Share
Pin it!
Google Plus

Data Sets

Univariate > Categorical    Bivariate > Categorical   
Univariate > Quantitative  Bivariate > Quantitative  Multivariate > Quantitative  

Data sets accessible through Data Analysis App or Spreadsheet App.

Univariate > Categorical

1. 2000 State Motorcycle Statistics 

Description: Number of motorcycle registrations, helmet requirements, and numbers of fatalities in 2000 by state.

Source: U.S. Federal Highway Administration

Uses: Compare fatality rate of states with helmet requirements to those in states without requirements; and construct a bar graph comparing the states.

 

2. Chicago White Sox 

Description: 1919 season batting averages and 1919 World Series batting averages for Chicago White Sox who had 10 or more at bats in the World Series game and if the player was accused of throwing the series.

Source: www.baseball-reference.com/postseason/1919_WS.shtml

Uses: Compute change in batting average and compare to whether or not player was accused of throwing Series; and construct a bar graph comparing the change in average and whether or not accused.

 

Univariate > Quantitative

1. 2000 State Motorcycle Statistics 

Description: Number of motorcycle registrations, helmet requirements, and number of fatalities in 2000.

Source: U.S. Federal Highway Administration

Uses: Find a fatality rate; construct a box plot or histogram; identify outliers; estimate centers and spread; and identify skewed distributions.

 

2. Achievement Test Scores 

Description: Achievement test scores for all ninth graders in one high school.

Uses: Construct a histogram or box plot; identify a mound shaped distribution; estimate centers and spread; and investigate the percent of data within 1, 2, or 3 standard deviations from the mean.

 

3. Apartment Temperatures 

Description: Variation in an apartment temperature (in degrees F) with its thermostat set to 70 degrees Fahrenheit each day at noon.

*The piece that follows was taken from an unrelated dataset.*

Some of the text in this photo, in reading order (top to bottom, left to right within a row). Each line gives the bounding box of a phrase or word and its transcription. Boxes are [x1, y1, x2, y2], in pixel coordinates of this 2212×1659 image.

Uses: Construct a box plot or histogram; identify outliers; estimate centers and spread; identify skewed distributions; and compare sample mean to the hypothesized mean of 70.

 

4. Battery Life 

Description: Life in hours of two brands of batteries

Source: Navigating through Data Analysis in Grades 6–8 (NCTM, 2003)

Uses: Construct comparative box plots and histograms, and use plots to determine if battery life is different between the two brands.

 

5. Best Actress 

Description: Birthdays and ages of actress whose performances won in the Best Leading Actress category at the annual Academy Awards (Oscars) and the year the award was given.

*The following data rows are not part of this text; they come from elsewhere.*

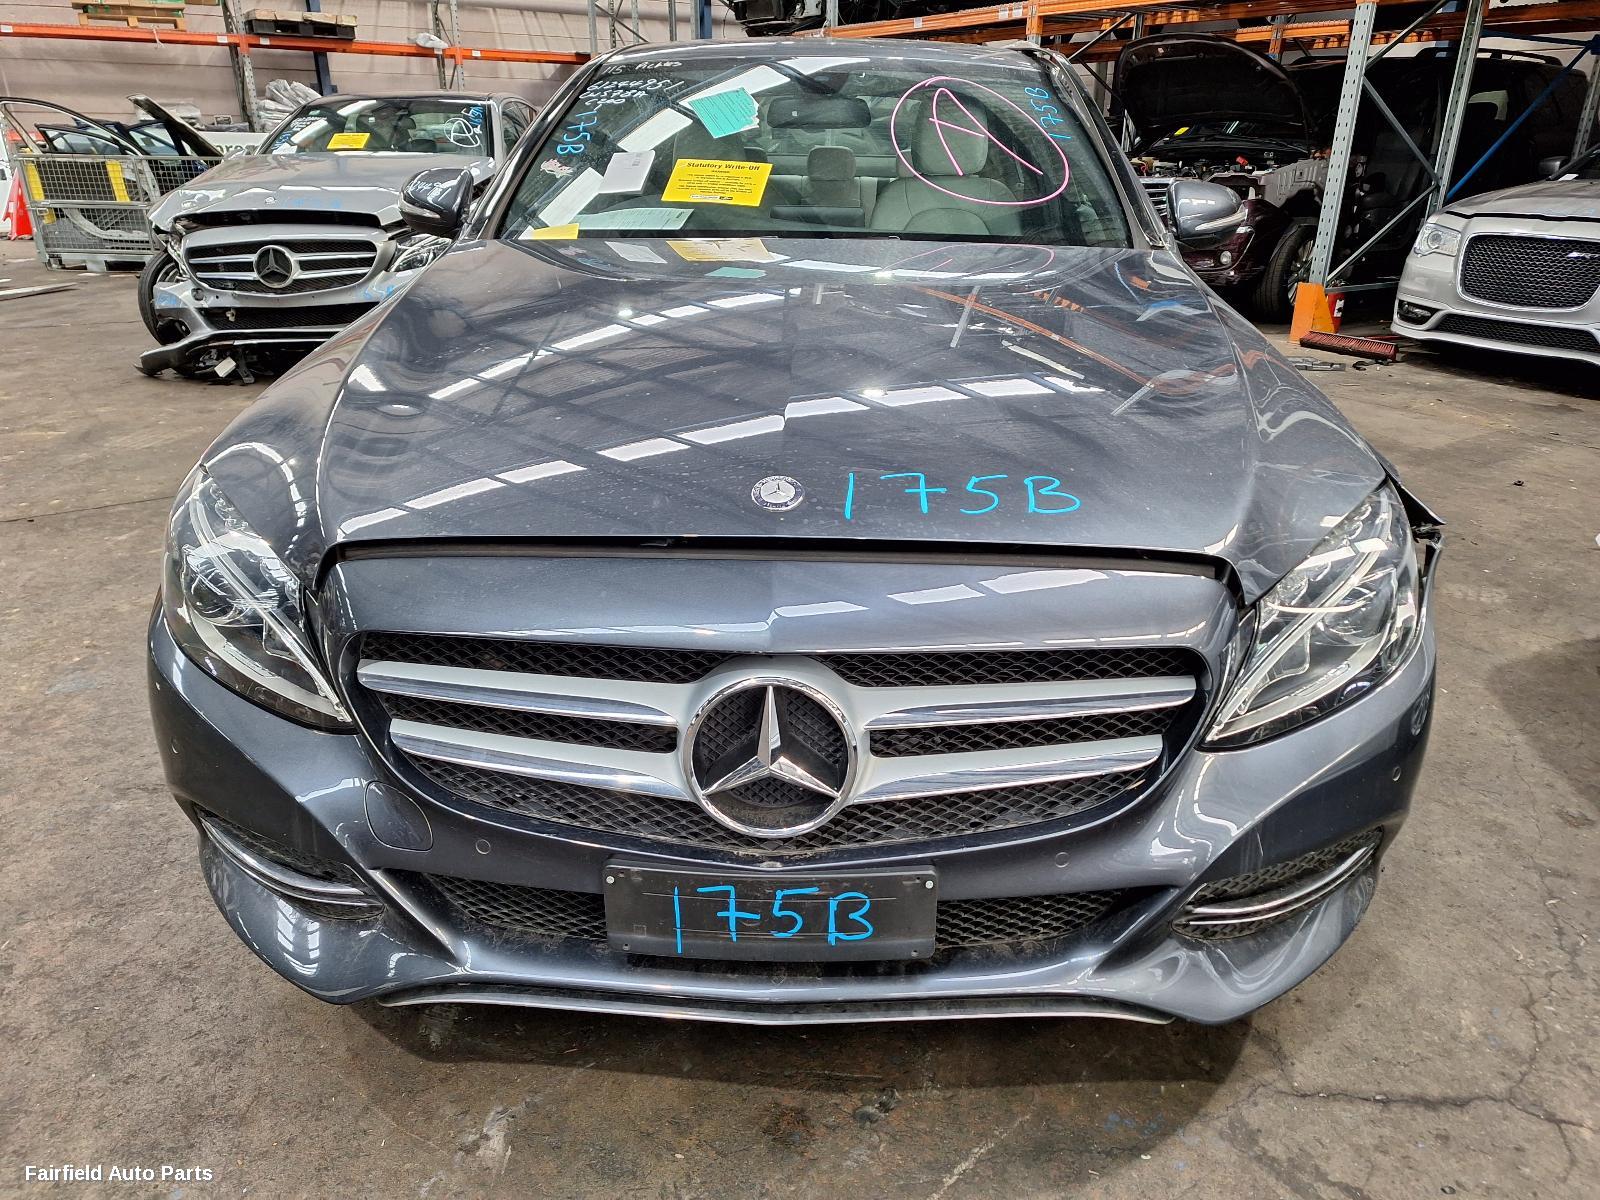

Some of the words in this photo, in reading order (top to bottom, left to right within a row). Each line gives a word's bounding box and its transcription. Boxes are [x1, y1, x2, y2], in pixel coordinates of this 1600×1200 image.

[556, 110, 598, 155] 175B
[1024, 87, 1072, 139] 175B
[686, 162, 723, 170] Statutory
[724, 163, 760, 171] Write-Off
[844, 472, 1081, 519] 175B
[673, 885, 874, 954] 175B
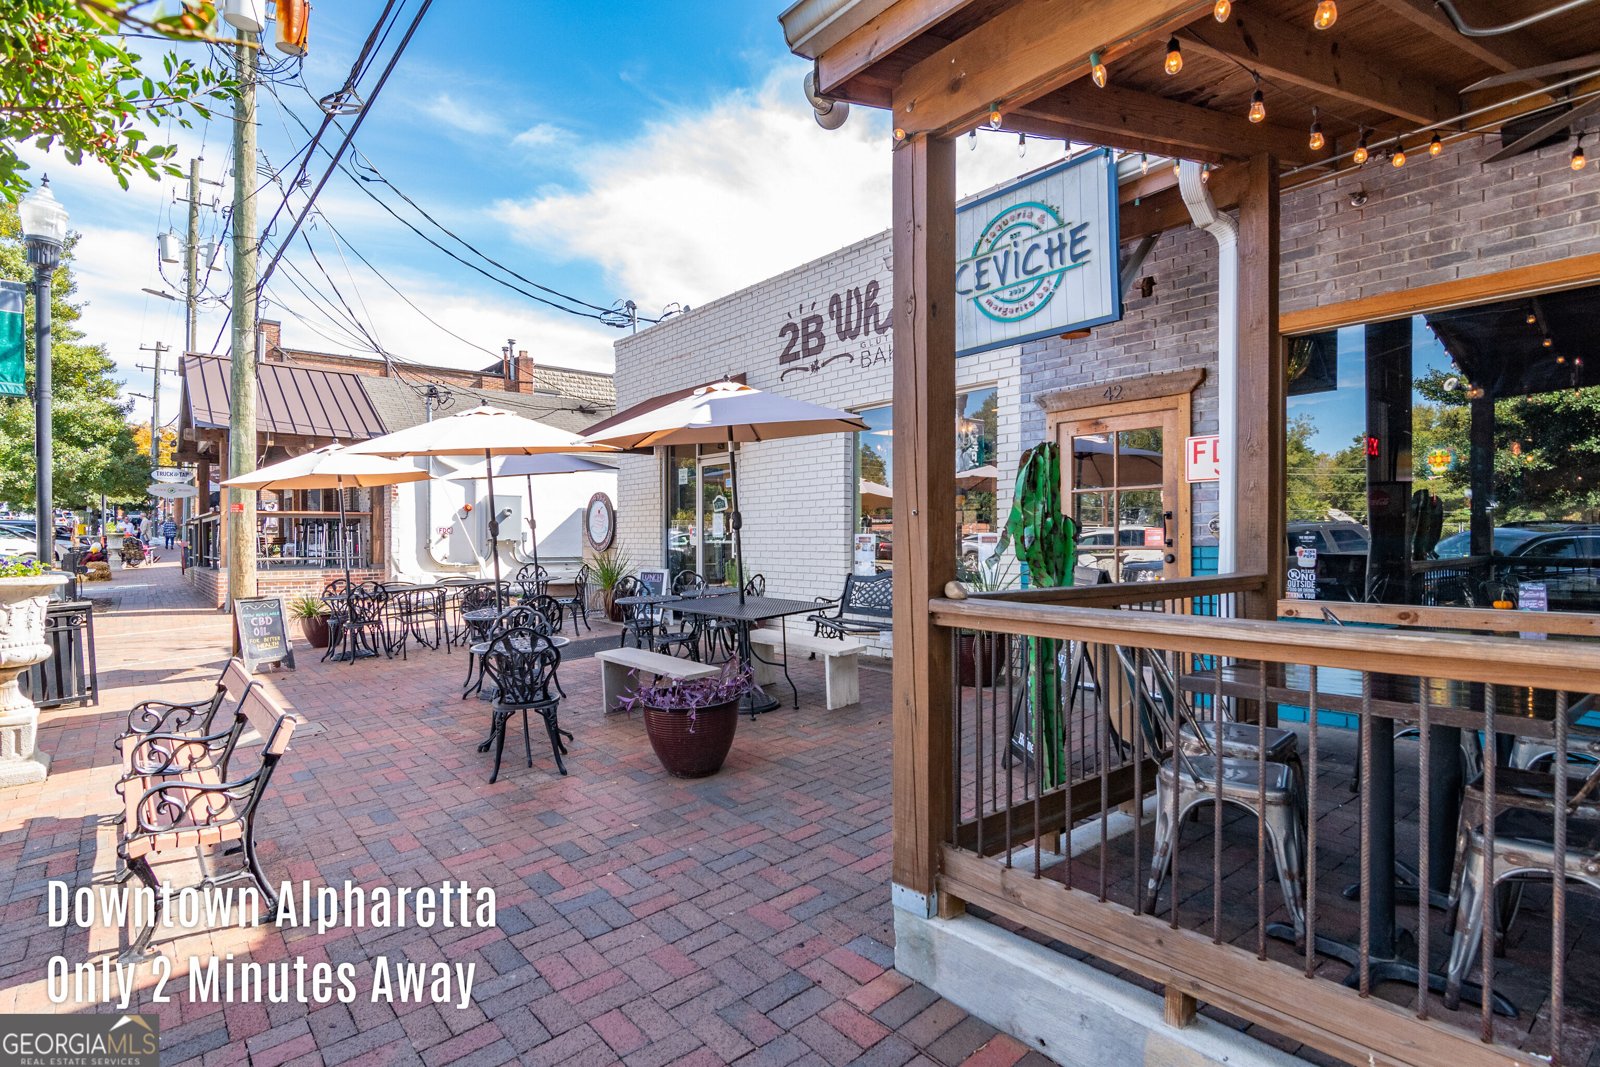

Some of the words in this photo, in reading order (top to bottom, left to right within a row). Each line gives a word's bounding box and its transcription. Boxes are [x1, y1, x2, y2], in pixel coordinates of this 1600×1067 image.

[778, 313, 826, 366] 2B
[1103, 385, 1124, 401] 42
[1287, 580, 1316, 588] OUTSIDE
[251, 617, 272, 626] CBD

Sources: www.oscars.com and www.imdb.com 

Uses: Construct a box plot or histogram; identify outliers (e.g., examine the effect of removing 80 and 74); estimate centers and spread; identify skewed distributions; and look for trends over time (e.g., Are there predictable patterns in the age of the winners?).

 

6. Certificate Perimeters 

Description: Perimeter measurements (mm) of the border of a certificate measured by 131 students of a Wisconsin high school.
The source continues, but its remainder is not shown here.